San Fran middle schools to provide free condoms to students young as 11, without parent consent

The school board for the San Francisco United School District voted unanimously to give condoms to middle school students when requested, and taking a cue from Democratic Socialist Sen. Bernie Sanders, they’re free.

This makes San Francisco the third district in California to make condoms available to students as young as age 11, according to Bay area NBC affiliate KNTV, which reported:

School officials say the policy change comes after survey results show that five percent of sixth-, seventh- and eighth-grade students report being sexually active and about half of that group say they are not using protection. The only other school districts in California that have such “condom availability programs” for middle schoolers are in Oakland and Los Angeles.

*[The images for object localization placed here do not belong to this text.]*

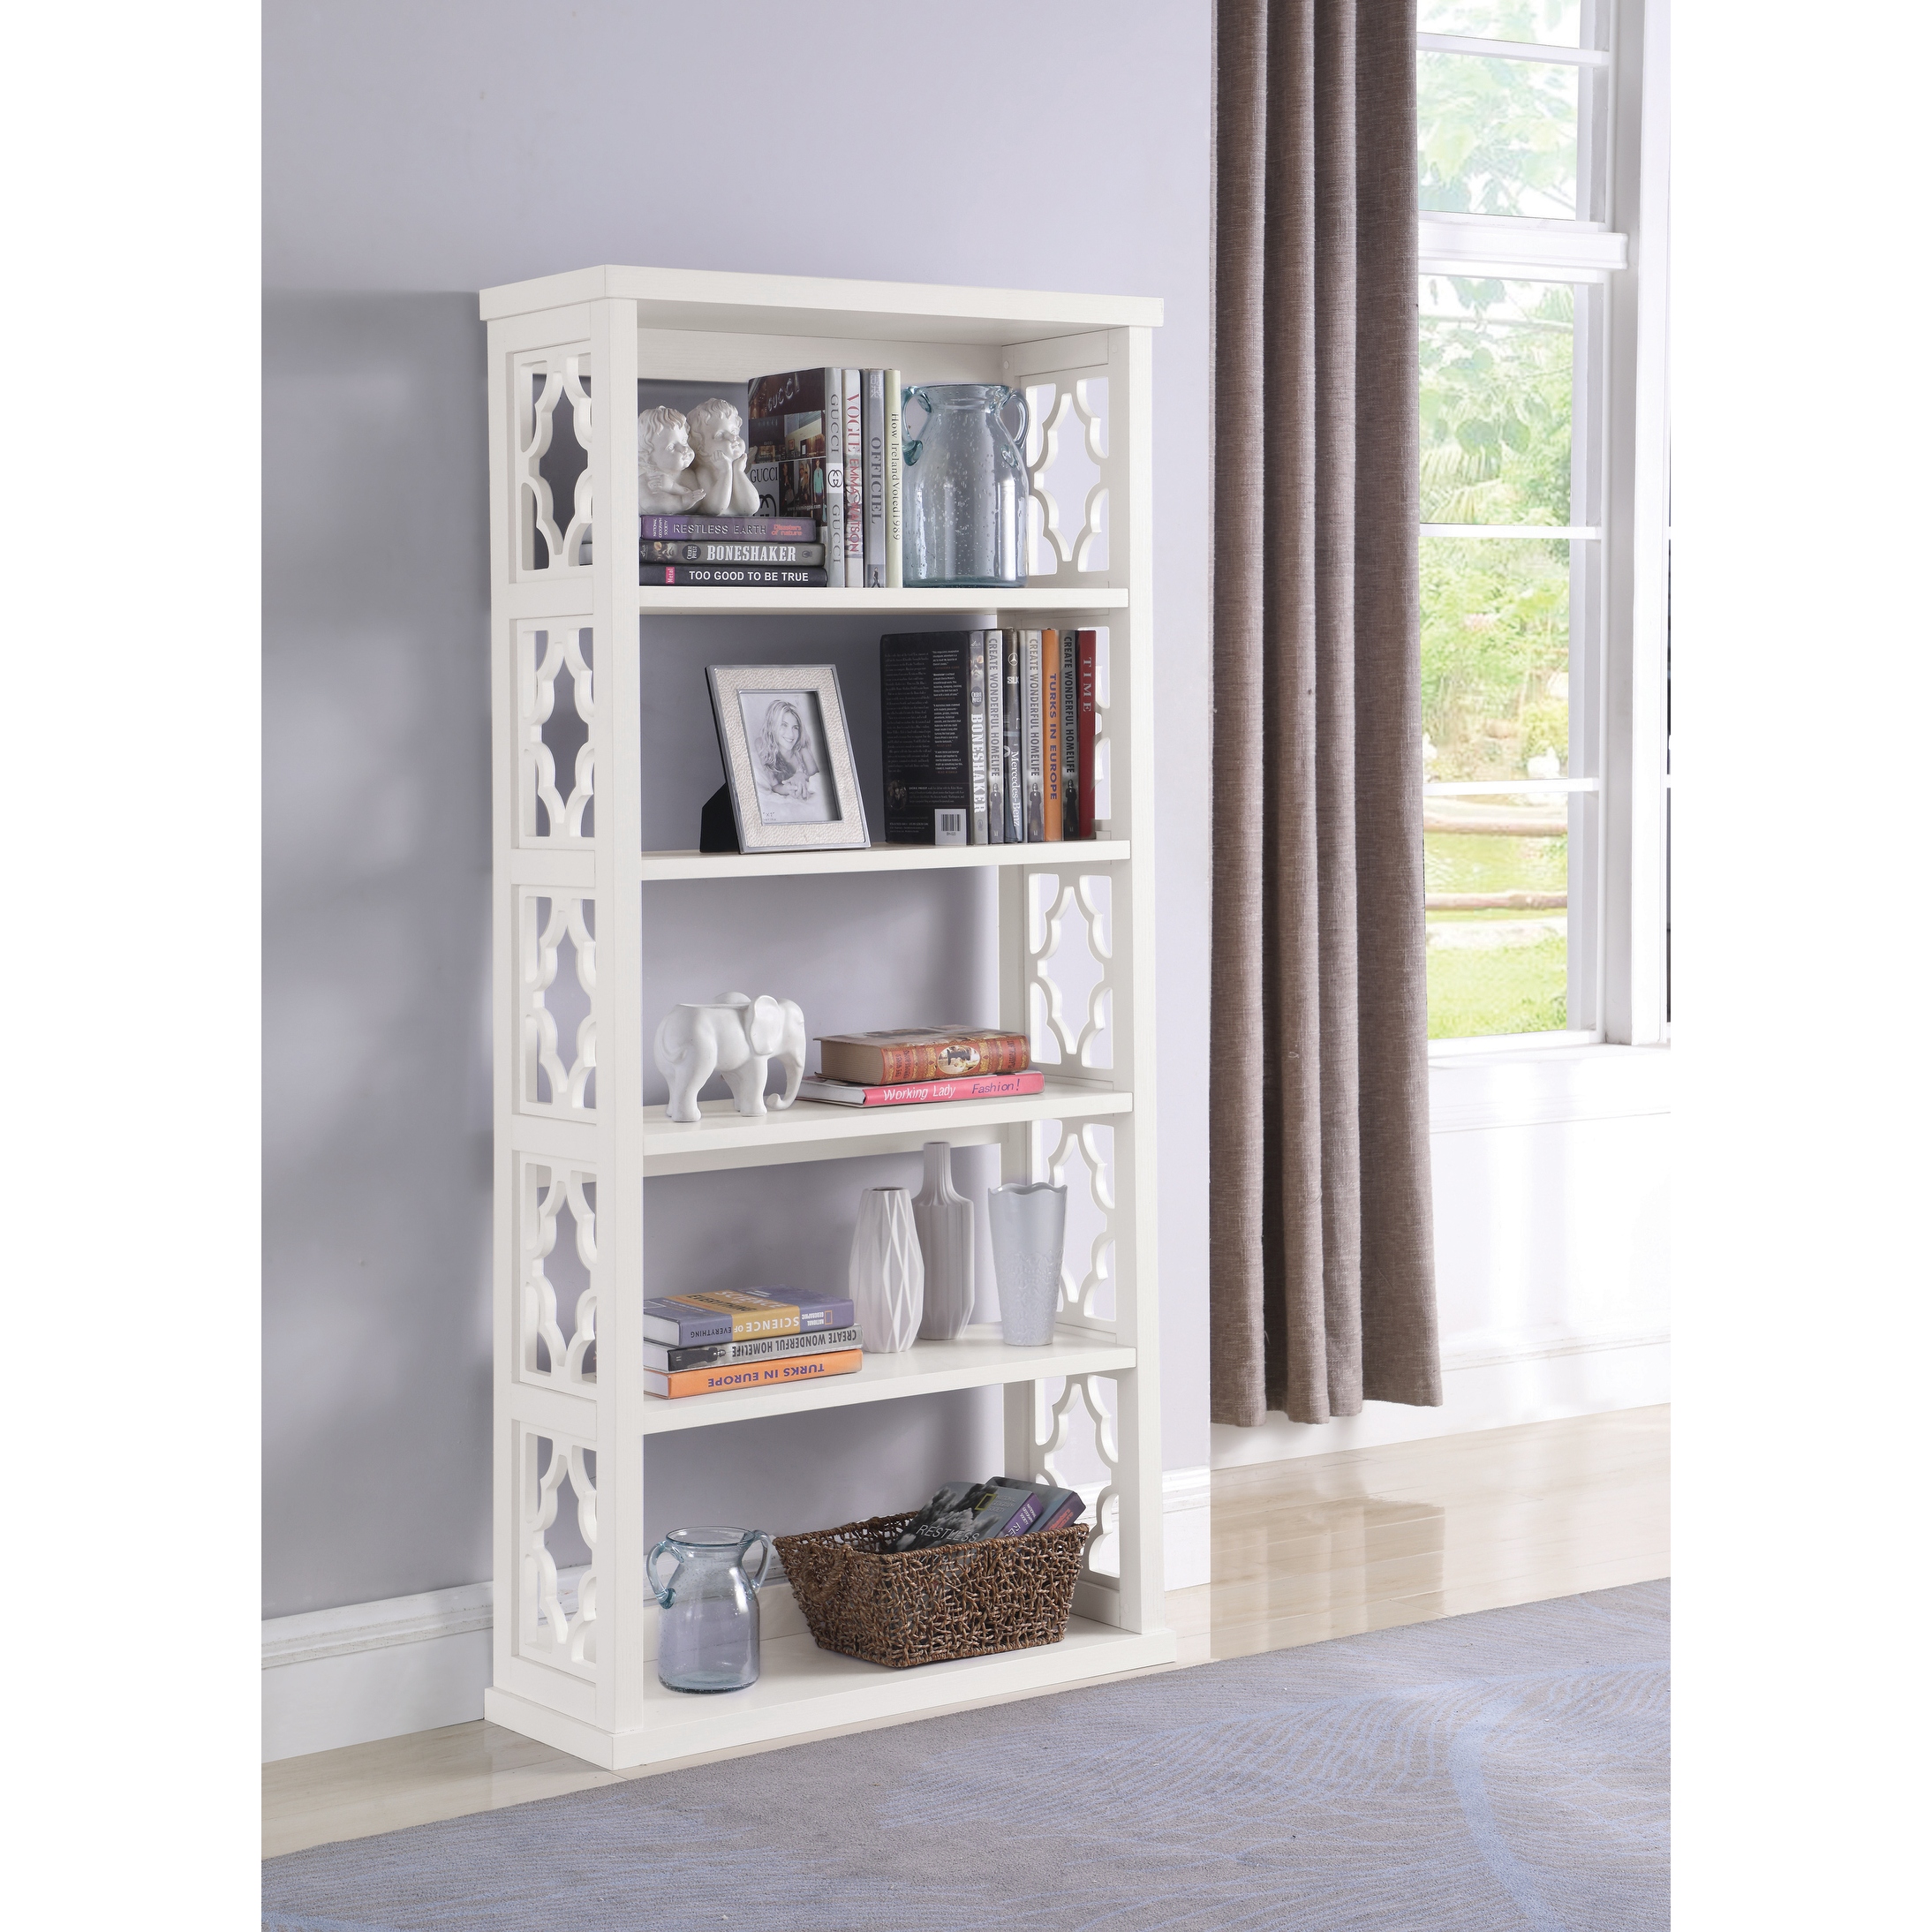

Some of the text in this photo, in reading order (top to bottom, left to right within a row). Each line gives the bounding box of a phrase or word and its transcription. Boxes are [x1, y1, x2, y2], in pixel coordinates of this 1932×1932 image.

[767, 372, 800, 411] GUCCI
[830, 394, 840, 453] GUCCI
[750, 466, 779, 483] GUCCI
[847, 393, 861, 552] VOGUE EMMA WATSON
[891, 442, 900, 480] Ireland
[871, 436, 882, 525] OFFICIEL
[673, 523, 766, 535] RESTLESS EARTH
[832, 504, 841, 562] GUCCI
[706, 545, 796, 562] BONESHAKER
[689, 570, 809, 582] TOO GOOD TO BE TRUE
[1083, 657, 1092, 712] TIME
[988, 638, 1000, 777] CREATE WONDERFUL HOMELIFE
[1029, 638, 1040, 777] CREATE WONDERFUL HOMELIFE
[1064, 636, 1075, 774] CREATE WONDERFUL HOMELIFE
[1049, 723, 1057, 739] IN
[971, 713, 986, 813] BONESHAKER
[1011, 751, 1021, 827] Mercedes-Benz
[883, 1087, 928, 1101] Working
[933, 1084, 956, 1098] Lady
[691, 1326, 732, 1338] EVERYTHING
[732, 1329, 857, 1357] CREATE WONDERFUL HOMELIFE
[746, 1317, 800, 1332] SCIENCE
[708, 1363, 825, 1387] TURKS IN EUROPE
[916, 1524, 980, 1543] RESTLESS
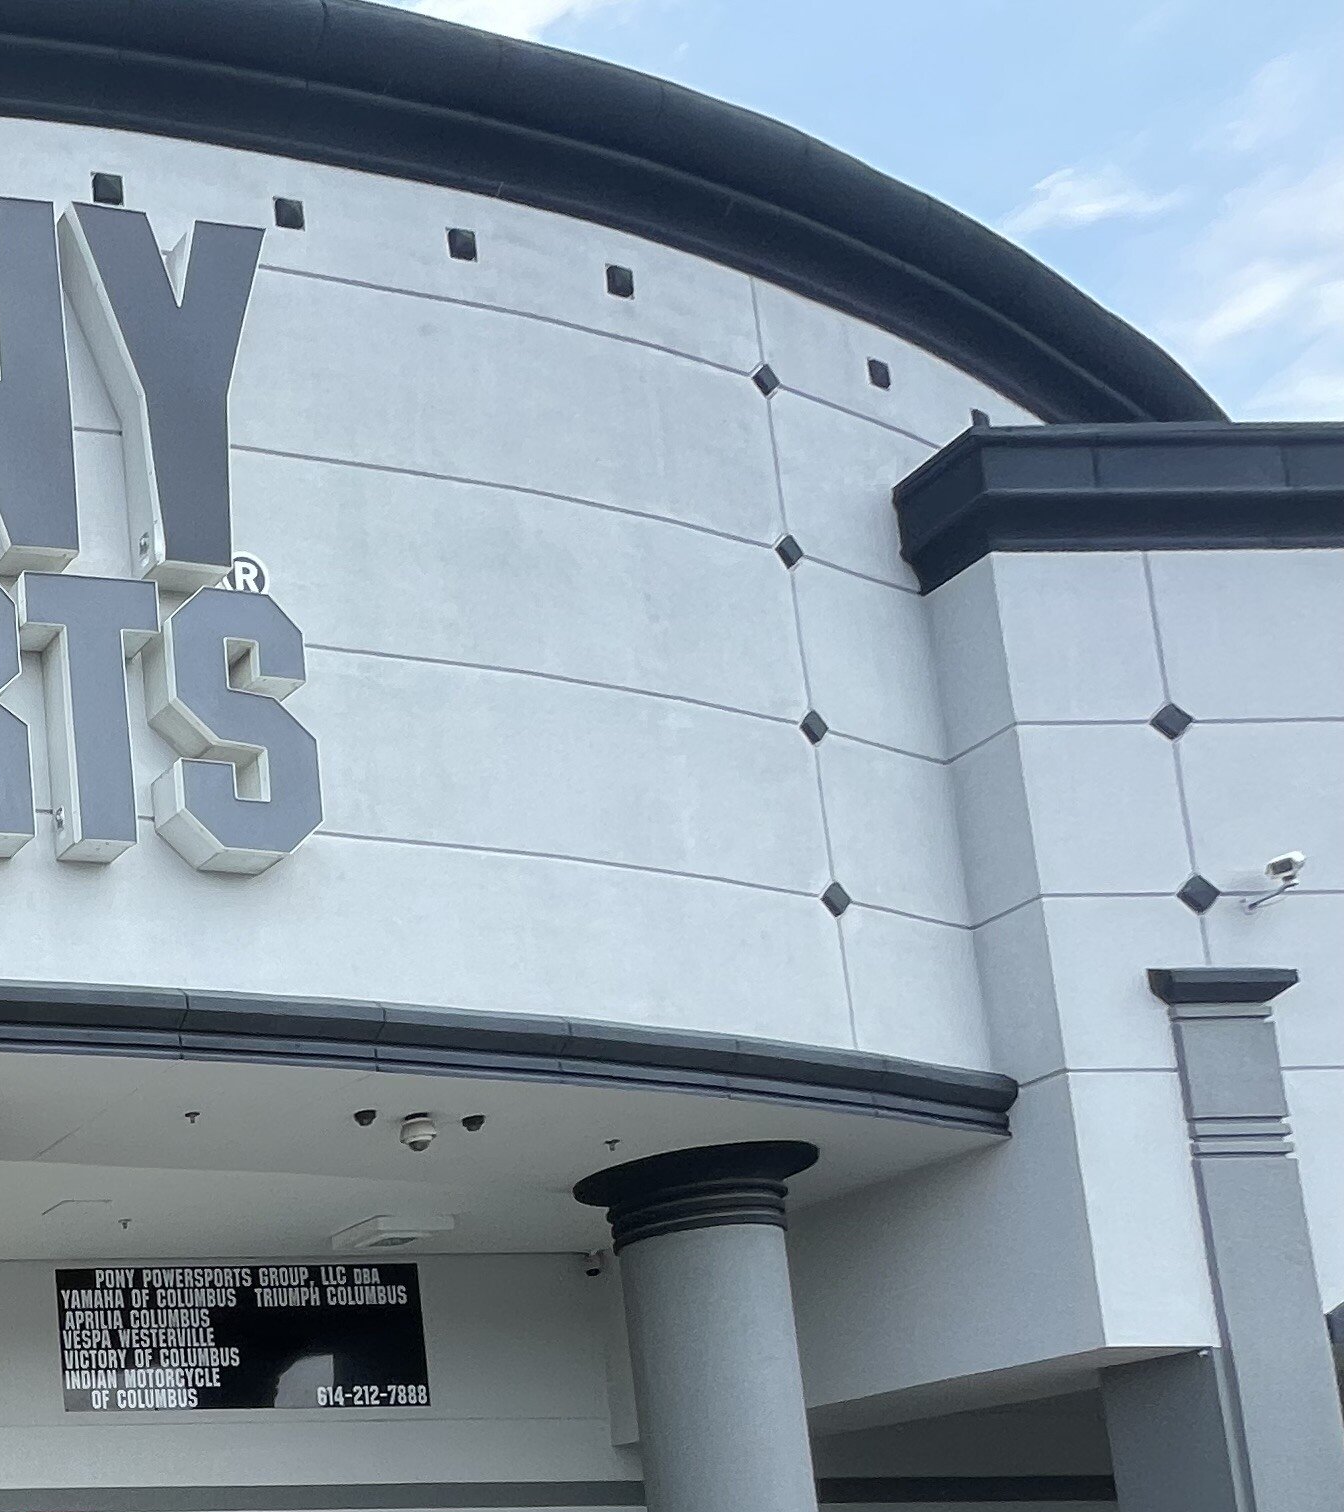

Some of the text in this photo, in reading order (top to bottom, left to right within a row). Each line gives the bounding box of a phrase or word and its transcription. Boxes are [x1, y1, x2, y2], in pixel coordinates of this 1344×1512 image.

[94, 1268, 135, 1289] PONY
[142, 1266, 252, 1289] POWERSPORTS
[320, 1265, 347, 1286] LLC
[353, 1267, 381, 1285] DBA
[61, 1287, 238, 1310] YAMAHA OF COLUMBUS
[253, 1284, 408, 1308] TRIUMPH COLUMBUS
[64, 1308, 211, 1331] APRILIA COLUMBUS
[62, 1327, 216, 1350] VESPA WESTERVILLE
[63, 1346, 241, 1370] VICTORY OF COLUMBUS
[64, 1367, 222, 1390] INDIAN MOTORCYCLE
[91, 1387, 199, 1410] OF COLUMBUS
[316, 1384, 428, 1407] 614-212-7888
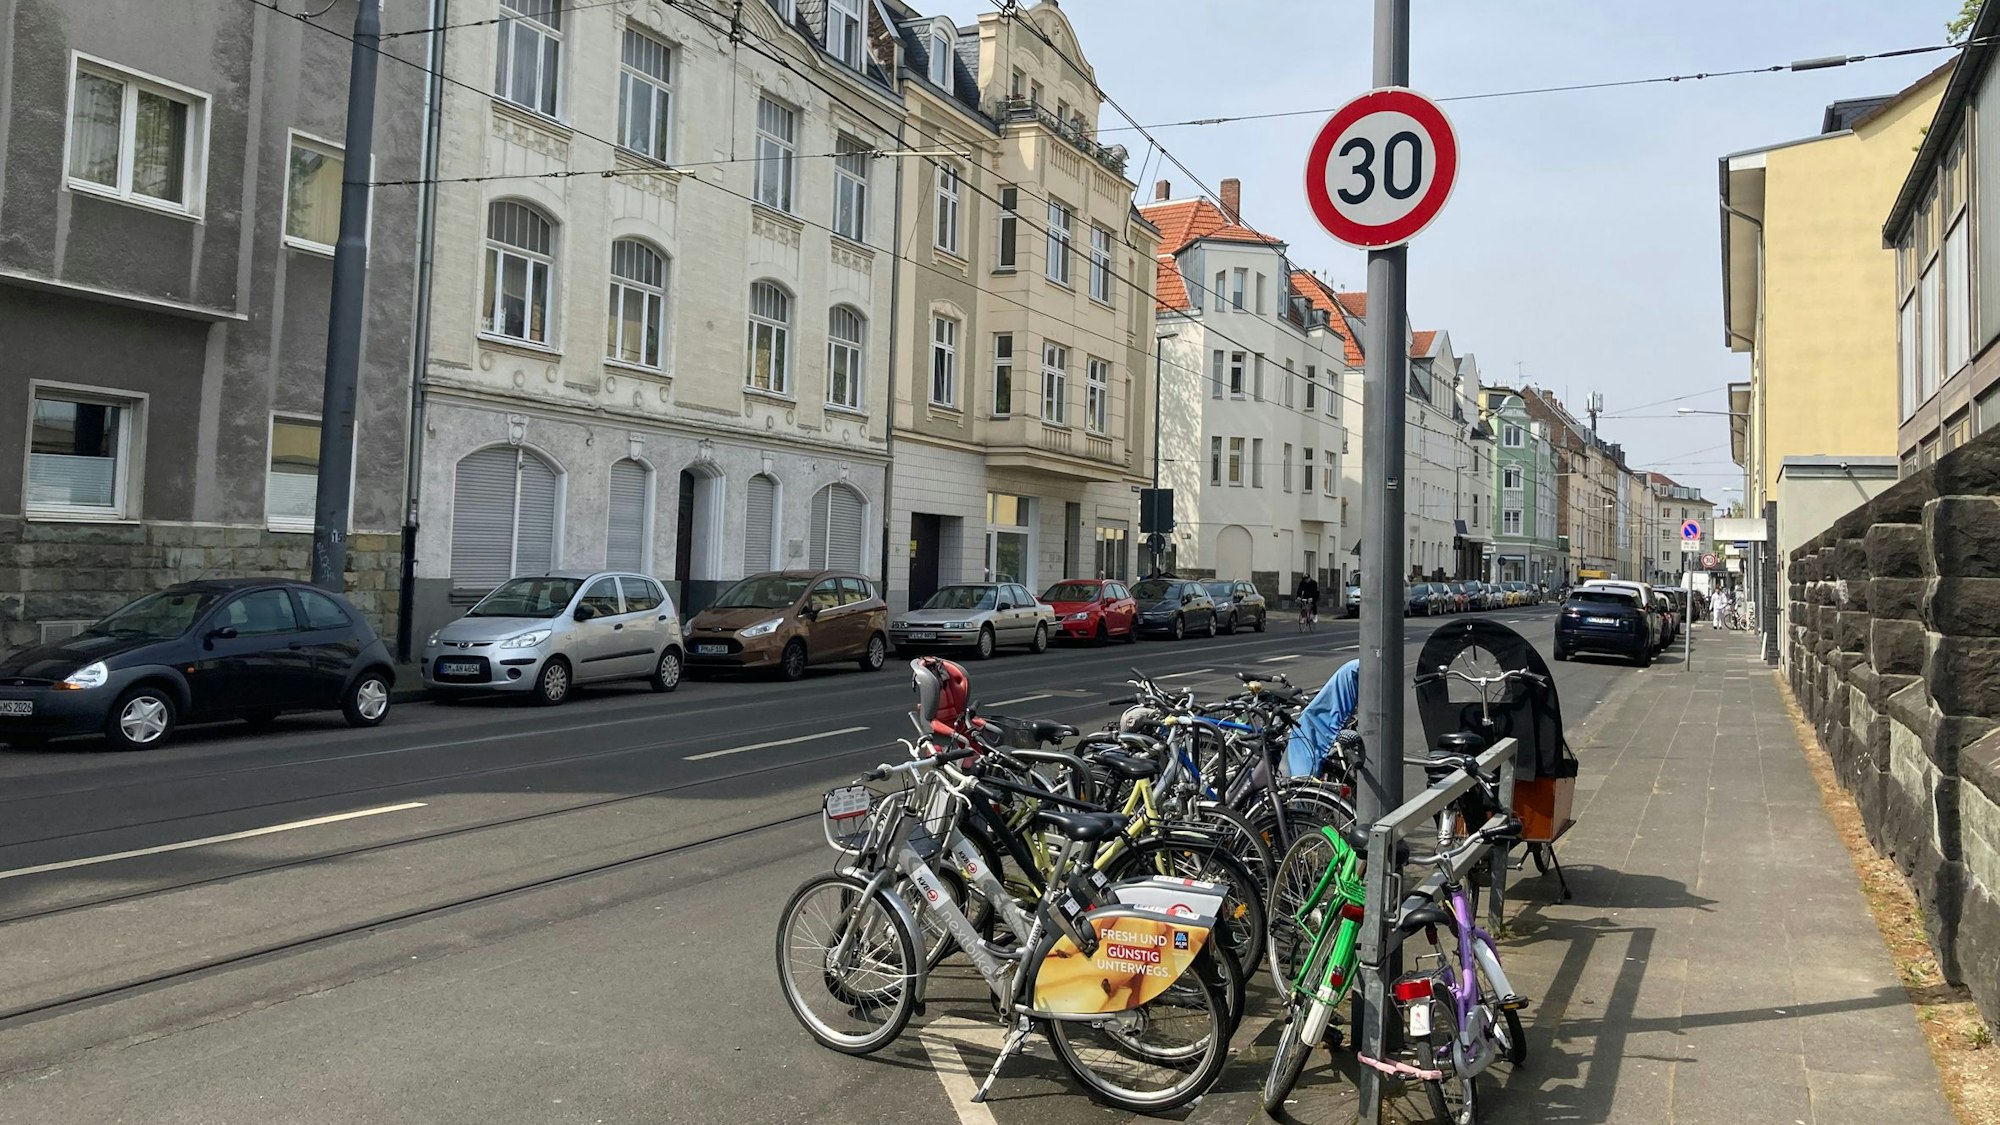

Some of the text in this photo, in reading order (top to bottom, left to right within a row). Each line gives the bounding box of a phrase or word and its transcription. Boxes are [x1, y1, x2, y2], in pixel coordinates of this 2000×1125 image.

The plan is part of district’s effort to further prevent sexually transmitted diseases and pregnancy among minors. It would work like this: Just as middle school students are allowed under California Family and Health and Safety codes to buy condoms at a store without question, they will now be able to get them for free at the nurse’s office on campus.

 

Students will have to ask for the condoms from a school professional, explained Kevin Gogin, the district’s director of safety and wellness. Parents, by law, will not be notified of such requests by their children and may not opt out of the program.

“This is not a giveaway program,” board member Rachel Norton said, SFGate.com reports. “They are going to be in a private, controlled space with an educator. This policy really is about the handful of students who really need it.”

As one would expect, many parents voiced their displeasure at the proposal.

The program “undermines the authority of the family,” said Victor Seeto, issues chairman of the Chinese American Democratic Club.

“The program’s message says sex is normal, is acceptable, but disease is bad,” he said. “Let us strengthen the family and not weaken it.”

Watch the report via KNTV.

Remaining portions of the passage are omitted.